Task details
The answer must be a single number: the count of lines below that contain the string "CHEESE".

(Collection entries)
---

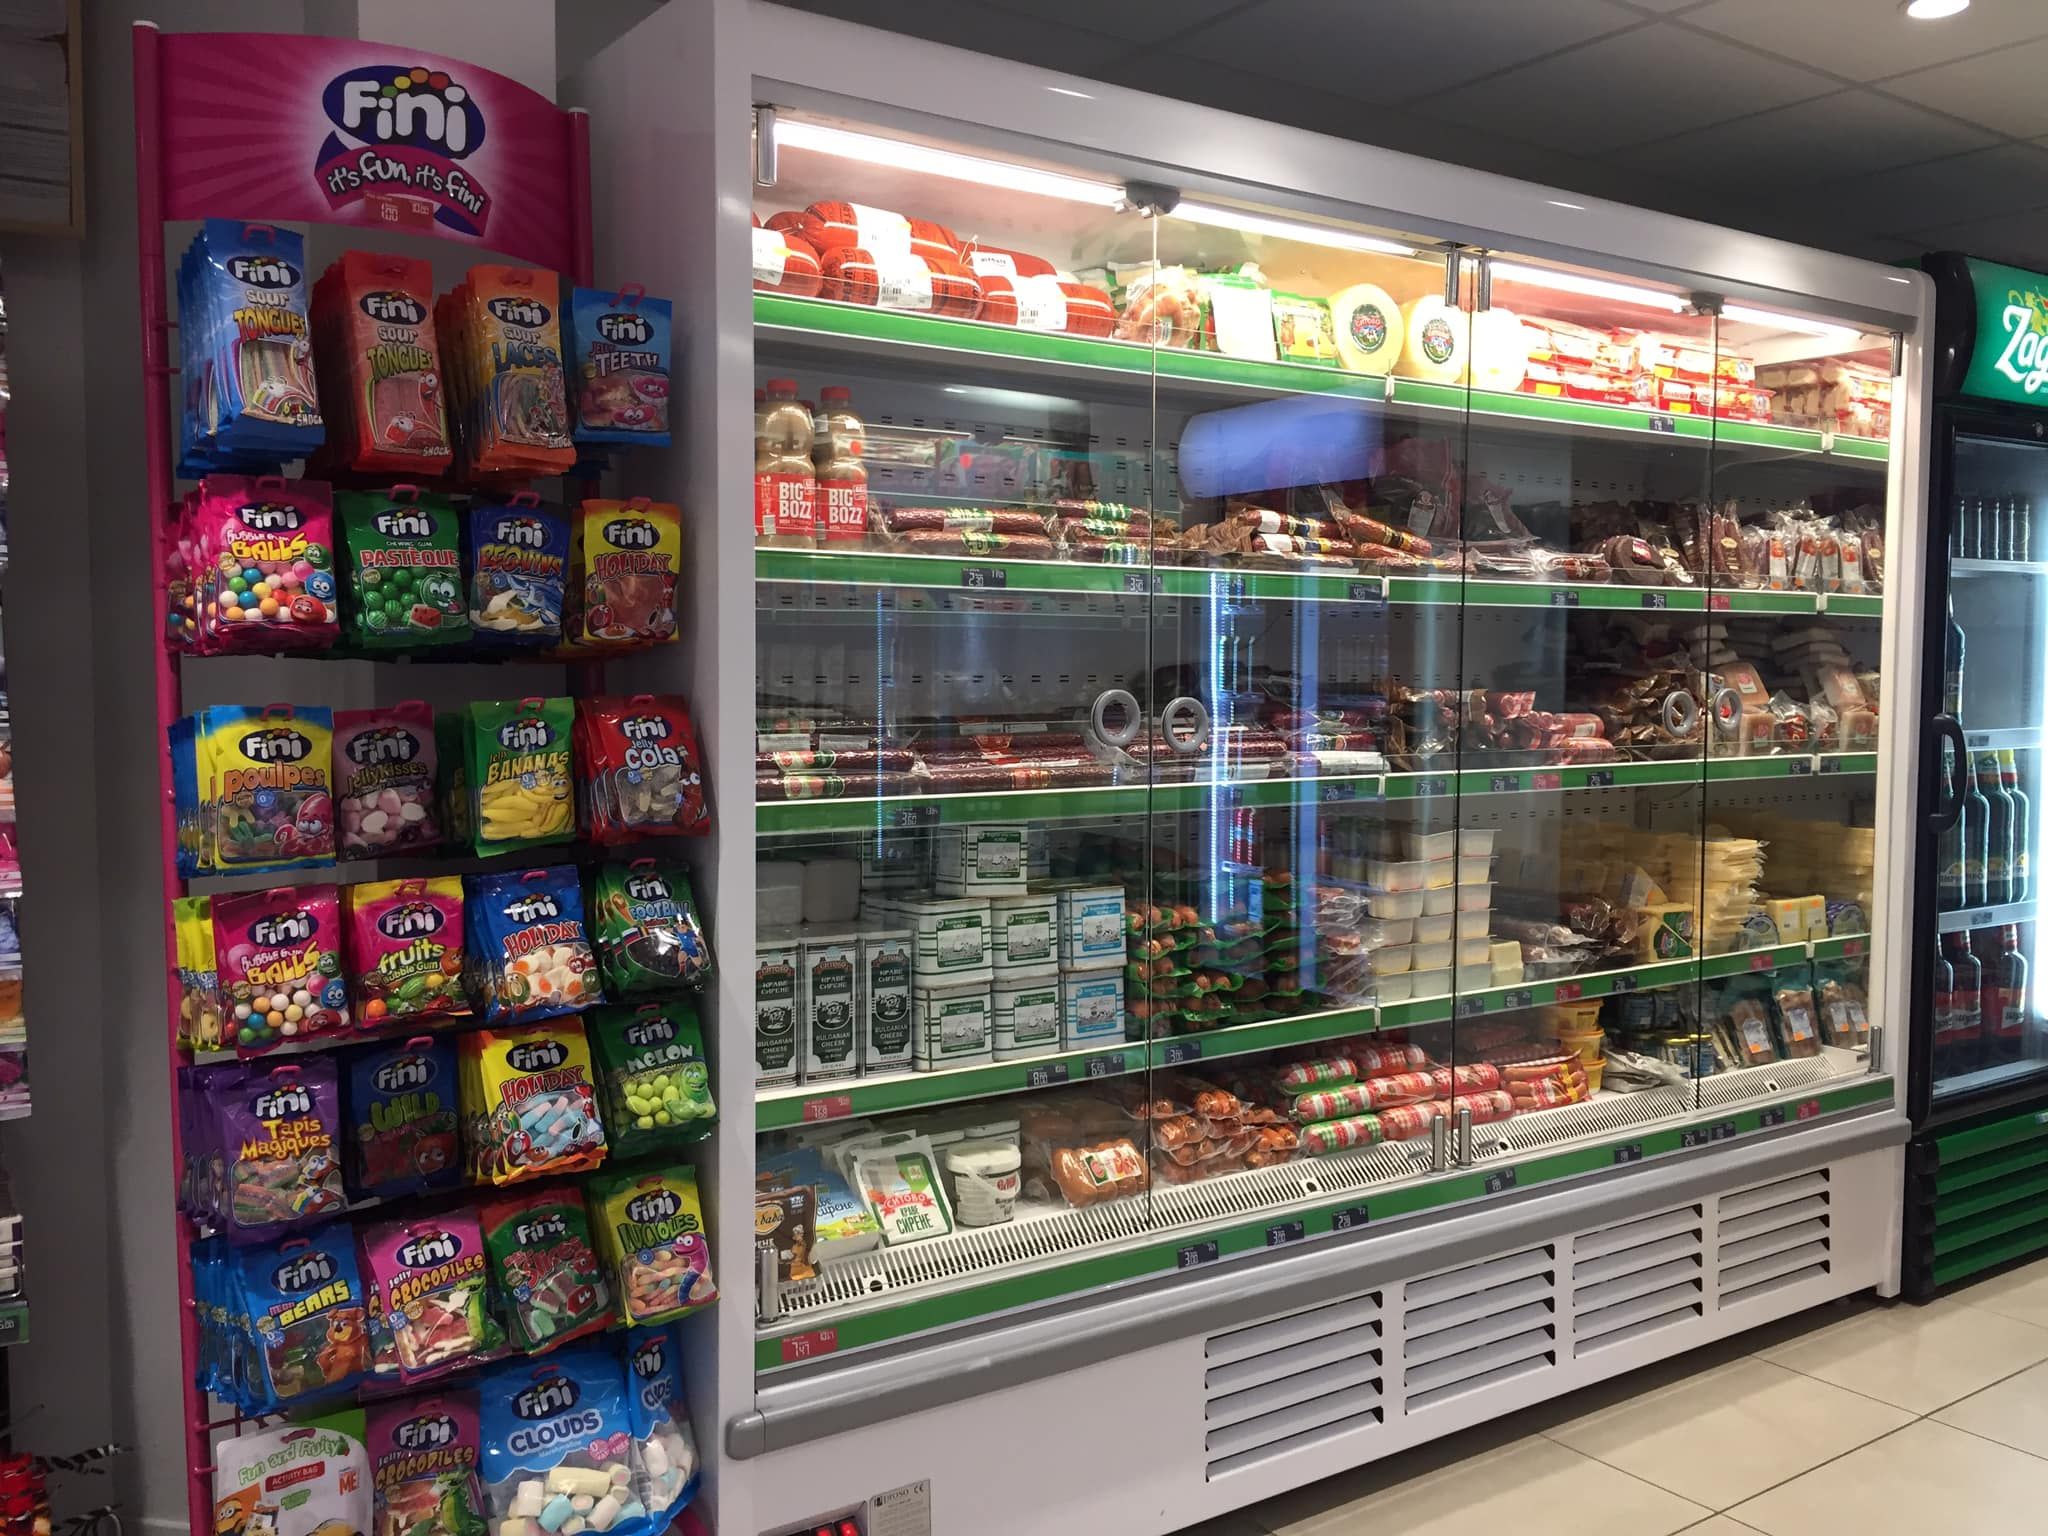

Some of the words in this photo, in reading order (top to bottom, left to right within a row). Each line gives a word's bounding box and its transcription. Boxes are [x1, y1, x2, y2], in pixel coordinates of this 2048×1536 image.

[343, 80, 466, 152] Fini
[328, 167, 361, 193] it's
[359, 152, 411, 185] fun,
[416, 165, 444, 191] it's
[445, 171, 484, 214] fini
[234, 261, 291, 284] Fini
[367, 297, 420, 322] Fini
[494, 300, 542, 325] Fini
[233, 308, 306, 343] TONGUES
[601, 317, 645, 342] Fini
[367, 348, 433, 378] TONGUES
[492, 343, 560, 373] LACES
[595, 351, 659, 376] TEETH
[779, 482, 804, 501] BIG
[828, 488, 853, 506] BIG
[241, 506, 298, 528] Fini
[378, 512, 430, 536] Fini
[779, 501, 812, 519] BOZZ
[828, 507, 863, 525] BOZZ
[231, 533, 309, 562] BALLS
[498, 520, 544, 548] Fini
[608, 523, 653, 546] Fini
[594, 552, 672, 580] HOLIDAY
[502, 721, 547, 748] Fini
[623, 716, 667, 739] Fini
[246, 732, 301, 760] Fini
[352, 731, 411, 763] Fini
[487, 751, 569, 785] BANANAS
[223, 761, 325, 805] poulpes
[629, 879, 669, 899] Fini
[385, 904, 435, 936] Fini
[503, 896, 558, 923] Fini
[255, 912, 313, 944] Fini
[503, 921, 581, 960] HOLIDAY
[246, 941, 321, 986] BALLS
[378, 938, 445, 974] fruits
[629, 1018, 673, 1044] Fini
[816, 1032, 850, 1042] BULGARIAN
[875, 1024, 908, 1033] BULGARIAN
[880, 1032, 904, 1040] CHEESE
[513, 1043, 561, 1069] Fini
[757, 1038, 793, 1048] BULGARIAN
[763, 1046, 788, 1054] CHEESE
[821, 1040, 846, 1048] CHEESE
[378, 1057, 428, 1090] Fini
[501, 1065, 584, 1108] HOLIDAY
[256, 1086, 310, 1118] Fini
[370, 1092, 441, 1133] WILD
[262, 1117, 321, 1142] Tapis
[239, 1133, 332, 1161] Magiques
[630, 1191, 676, 1221] Fini
[900, 1205, 920, 1217] КРАВЕ
[516, 1214, 566, 1244] Fini
[895, 1214, 933, 1235] СИРЕНЕ
[403, 1232, 455, 1265] Fini
[278, 1253, 332, 1292] Fini
[390, 1254, 485, 1310] CROCODILES
[280, 1280, 350, 1327] BEARS
[518, 1377, 574, 1416] Fini
[399, 1416, 450, 1447] Fini
[510, 1411, 600, 1453] CLOUDS
[238, 1461, 266, 1485] Fun
[268, 1442, 296, 1468] and
[272, 1471, 301, 1486] ACTIVITY
[302, 1465, 319, 1476] BAG
[376, 1446, 474, 1490] CROCODILES

---

Expected answer
3